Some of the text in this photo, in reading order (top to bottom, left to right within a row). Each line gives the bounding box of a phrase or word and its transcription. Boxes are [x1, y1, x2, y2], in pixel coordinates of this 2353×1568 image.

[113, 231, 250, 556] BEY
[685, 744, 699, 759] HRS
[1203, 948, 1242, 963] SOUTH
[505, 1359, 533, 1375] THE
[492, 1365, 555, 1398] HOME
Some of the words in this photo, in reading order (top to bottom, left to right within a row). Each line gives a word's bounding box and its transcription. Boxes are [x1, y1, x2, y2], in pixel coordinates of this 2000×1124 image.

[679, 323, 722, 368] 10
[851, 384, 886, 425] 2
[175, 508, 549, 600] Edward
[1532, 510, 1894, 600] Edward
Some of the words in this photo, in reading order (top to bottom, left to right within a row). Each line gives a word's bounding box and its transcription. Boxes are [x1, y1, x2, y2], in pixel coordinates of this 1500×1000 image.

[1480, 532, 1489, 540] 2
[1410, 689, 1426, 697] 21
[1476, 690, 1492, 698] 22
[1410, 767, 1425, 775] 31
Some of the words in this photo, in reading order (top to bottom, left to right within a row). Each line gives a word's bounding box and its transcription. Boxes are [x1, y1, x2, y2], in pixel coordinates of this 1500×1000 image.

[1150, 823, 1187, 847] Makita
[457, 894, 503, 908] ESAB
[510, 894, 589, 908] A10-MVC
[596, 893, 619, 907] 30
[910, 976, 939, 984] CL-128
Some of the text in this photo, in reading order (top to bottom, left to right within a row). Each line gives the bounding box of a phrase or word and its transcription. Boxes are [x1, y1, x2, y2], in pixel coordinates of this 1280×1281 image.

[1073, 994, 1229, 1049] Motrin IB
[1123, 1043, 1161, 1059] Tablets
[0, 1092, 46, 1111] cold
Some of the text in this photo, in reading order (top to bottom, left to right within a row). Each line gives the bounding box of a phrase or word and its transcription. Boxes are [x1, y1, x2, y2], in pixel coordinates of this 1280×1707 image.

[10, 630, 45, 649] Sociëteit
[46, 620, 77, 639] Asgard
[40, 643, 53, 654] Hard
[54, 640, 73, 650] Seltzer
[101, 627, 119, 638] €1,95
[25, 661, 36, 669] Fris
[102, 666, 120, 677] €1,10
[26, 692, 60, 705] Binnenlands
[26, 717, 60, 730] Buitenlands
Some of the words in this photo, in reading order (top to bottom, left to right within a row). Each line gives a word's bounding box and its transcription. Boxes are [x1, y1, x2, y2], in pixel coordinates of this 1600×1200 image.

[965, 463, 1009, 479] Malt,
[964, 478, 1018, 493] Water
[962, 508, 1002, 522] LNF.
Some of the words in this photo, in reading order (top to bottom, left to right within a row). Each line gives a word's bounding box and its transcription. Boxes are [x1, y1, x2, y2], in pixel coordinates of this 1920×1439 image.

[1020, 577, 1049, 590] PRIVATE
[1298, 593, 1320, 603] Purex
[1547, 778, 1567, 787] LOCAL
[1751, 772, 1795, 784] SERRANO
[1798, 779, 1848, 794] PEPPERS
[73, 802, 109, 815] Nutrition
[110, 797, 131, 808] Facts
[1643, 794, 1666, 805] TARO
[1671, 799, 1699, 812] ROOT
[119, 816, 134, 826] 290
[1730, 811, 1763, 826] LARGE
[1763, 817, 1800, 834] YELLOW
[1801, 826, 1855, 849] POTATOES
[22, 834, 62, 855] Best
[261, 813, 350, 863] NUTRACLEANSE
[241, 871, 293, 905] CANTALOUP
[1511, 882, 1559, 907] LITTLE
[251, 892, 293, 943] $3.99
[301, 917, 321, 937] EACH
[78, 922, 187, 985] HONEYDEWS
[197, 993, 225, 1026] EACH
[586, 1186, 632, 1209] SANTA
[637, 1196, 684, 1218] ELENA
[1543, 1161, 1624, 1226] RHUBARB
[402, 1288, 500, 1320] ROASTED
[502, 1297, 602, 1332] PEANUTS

• **What to produce**:
The entries above need to be transcribed with no differences at all.

• **Solution for this problem**:
Some of the text in this photo, in reading order (top to bottom, left to right within a row). Each line gives the bounding box of a phrase or word and its transcription. Boxes are [x1, y1, x2, y2], in pixel coordinates of this 2353×1568 image.

[113, 231, 250, 556] BEY
[685, 744, 699, 759] HRS
[1203, 948, 1242, 963] SOUTH
[505, 1359, 533, 1375] THE
[492, 1365, 555, 1398] HOME
Some of the words in this photo, in reading order (top to bottom, left to right within a row). Each line gives a word's bounding box and its transcription. Boxes are [x1, y1, x2, y2], in pixel coordinates of this 2000×1124 image.

[679, 323, 722, 368] 10
[851, 384, 886, 425] 2
[175, 508, 549, 600] Edward
[1532, 510, 1894, 600] Edward
Some of the words in this photo, in reading order (top to bottom, left to right within a row). Each line gives a word's bounding box and its transcription. Boxes are [x1, y1, x2, y2], in pixel coordinates of this 1500×1000 image.

[1480, 532, 1489, 540] 2
[1410, 689, 1426, 697] 21
[1476, 690, 1492, 698] 22
[1410, 767, 1425, 775] 31
Some of the words in this photo, in reading order (top to bottom, left to right within a row). Each line gives a word's bounding box and its transcription. Boxes are [x1, y1, x2, y2], in pixel coordinates of this 1500×1000 image.

[1150, 823, 1187, 847] Makita
[457, 894, 503, 908] ESAB
[510, 894, 589, 908] A10-MVC
[596, 893, 619, 907] 30
[910, 976, 939, 984] CL-128
Some of the text in this photo, in reading order (top to bottom, left to right within a row). Each line gives the bounding box of a phrase or word and its transcription. Boxes are [x1, y1, x2, y2], in pixel coordinates of this 1280×1281 image.

[1073, 994, 1229, 1049] Motrin IB
[1123, 1043, 1161, 1059] Tablets
[0, 1092, 46, 1111] cold
Some of the text in this photo, in reading order (top to bottom, left to right within a row). Each line gives the bounding box of a phrase or word and its transcription. Boxes are [x1, y1, x2, y2], in pixel coordinates of this 1280×1707 image.

[10, 630, 45, 649] Sociëteit
[46, 620, 77, 639] Asgard
[40, 643, 53, 654] Hard
[54, 640, 73, 650] Seltzer
[101, 627, 119, 638] €1,95
[25, 661, 36, 669] Fris
[102, 666, 120, 677] €1,10
[26, 692, 60, 705] Binnenlands
[26, 717, 60, 730] Buitenlands
Some of the words in this photo, in reading order (top to bottom, left to right within a row). Each line gives a word's bounding box and its transcription. Boxes are [x1, y1, x2, y2], in pixel coordinates of this 1600×1200 image.

[965, 463, 1009, 479] Malt,
[964, 478, 1018, 493] Water
[962, 508, 1002, 522] LNF.
Some of the words in this photo, in reading order (top to bottom, left to right within a row). Each line gives a word's bounding box and its transcription. Boxes are [x1, y1, x2, y2], in pixel coordinates of this 1920×1439 image.

[1020, 577, 1049, 590] PRIVATE
[1298, 593, 1320, 603] Purex
[1547, 778, 1567, 787] LOCAL
[1751, 772, 1795, 784] SERRANO
[1798, 779, 1848, 794] PEPPERS
[73, 802, 109, 815] Nutrition
[110, 797, 131, 808] Facts
[1643, 794, 1666, 805] TARO
[1671, 799, 1699, 812] ROOT
[119, 816, 134, 826] 290
[1730, 811, 1763, 826] LARGE
[1763, 817, 1800, 834] YELLOW
[1801, 826, 1855, 849] POTATOES
[22, 834, 62, 855] Best
[261, 813, 350, 863] NUTRACLEANSE
[241, 871, 293, 905] CANTALOUP
[1511, 882, 1559, 907] LITTLE
[251, 892, 293, 943] $3.99
[301, 917, 321, 937] EACH
[78, 922, 187, 985] HONEYDEWS
[197, 993, 225, 1026] EACH
[586, 1186, 632, 1209] SANTA
[637, 1196, 684, 1218] ELENA
[1543, 1161, 1624, 1226] RHUBARB
[402, 1288, 500, 1320] ROASTED
[502, 1297, 602, 1332] PEANUTS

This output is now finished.